The records are given next. Repeat each one exactly.

____________

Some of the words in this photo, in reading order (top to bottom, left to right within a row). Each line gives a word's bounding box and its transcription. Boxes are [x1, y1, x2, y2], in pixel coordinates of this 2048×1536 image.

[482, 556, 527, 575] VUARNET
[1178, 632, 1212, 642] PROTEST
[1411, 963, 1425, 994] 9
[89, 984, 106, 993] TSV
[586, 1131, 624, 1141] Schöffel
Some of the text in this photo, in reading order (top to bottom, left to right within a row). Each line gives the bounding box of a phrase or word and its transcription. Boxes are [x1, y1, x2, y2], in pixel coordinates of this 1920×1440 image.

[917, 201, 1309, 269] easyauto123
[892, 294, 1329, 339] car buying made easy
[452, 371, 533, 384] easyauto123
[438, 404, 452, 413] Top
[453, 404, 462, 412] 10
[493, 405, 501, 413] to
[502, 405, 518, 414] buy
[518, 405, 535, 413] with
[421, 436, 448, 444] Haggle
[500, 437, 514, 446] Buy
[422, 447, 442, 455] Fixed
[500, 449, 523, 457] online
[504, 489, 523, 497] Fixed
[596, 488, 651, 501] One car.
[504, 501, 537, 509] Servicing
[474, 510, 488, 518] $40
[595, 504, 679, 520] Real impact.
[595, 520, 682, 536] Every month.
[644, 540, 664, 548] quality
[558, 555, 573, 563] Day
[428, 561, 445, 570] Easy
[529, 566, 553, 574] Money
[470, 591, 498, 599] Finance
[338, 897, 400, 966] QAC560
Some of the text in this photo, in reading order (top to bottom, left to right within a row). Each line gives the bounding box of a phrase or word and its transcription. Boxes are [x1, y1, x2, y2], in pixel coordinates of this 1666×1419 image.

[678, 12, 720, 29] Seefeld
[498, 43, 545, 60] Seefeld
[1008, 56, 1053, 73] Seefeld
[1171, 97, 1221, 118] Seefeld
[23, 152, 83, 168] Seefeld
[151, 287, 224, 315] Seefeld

____________

§ Answer for this exercise
Some of the words in this photo, in reading order (top to bottom, left to right within a row). Each line gives a word's bounding box and its transcription. Boxes are [x1, y1, x2, y2], in pixel coordinates of this 2048×1536 image.

[482, 556, 527, 575] VUARNET
[1178, 632, 1212, 642] PROTEST
[1411, 963, 1425, 994] 9
[89, 984, 106, 993] TSV
[586, 1131, 624, 1141] Schöffel
Some of the text in this photo, in reading order (top to bottom, left to right within a row). Each line gives the bounding box of a phrase or word and its transcription. Boxes are [x1, y1, x2, y2], in pixel coordinates of this 1920×1440 image.

[917, 201, 1309, 269] easyauto123
[892, 294, 1329, 339] car buying made easy
[452, 371, 533, 384] easyauto123
[438, 404, 452, 413] Top
[453, 404, 462, 412] 10
[493, 405, 501, 413] to
[502, 405, 518, 414] buy
[518, 405, 535, 413] with
[421, 436, 448, 444] Haggle
[500, 437, 514, 446] Buy
[422, 447, 442, 455] Fixed
[500, 449, 523, 457] online
[504, 489, 523, 497] Fixed
[596, 488, 651, 501] One car.
[504, 501, 537, 509] Servicing
[474, 510, 488, 518] $40
[595, 504, 679, 520] Real impact.
[595, 520, 682, 536] Every month.
[644, 540, 664, 548] quality
[558, 555, 573, 563] Day
[428, 561, 445, 570] Easy
[529, 566, 553, 574] Money
[470, 591, 498, 599] Finance
[338, 897, 400, 966] QAC560
Some of the text in this photo, in reading order (top to bottom, left to right within a row). Each line gives the bounding box of a phrase or word and its transcription. Boxes are [x1, y1, x2, y2], in pixel coordinates of this 1666×1419 image.

[678, 12, 720, 29] Seefeld
[498, 43, 545, 60] Seefeld
[1008, 56, 1053, 73] Seefeld
[1171, 97, 1221, 118] Seefeld
[23, 152, 83, 168] Seefeld
[151, 287, 224, 315] Seefeld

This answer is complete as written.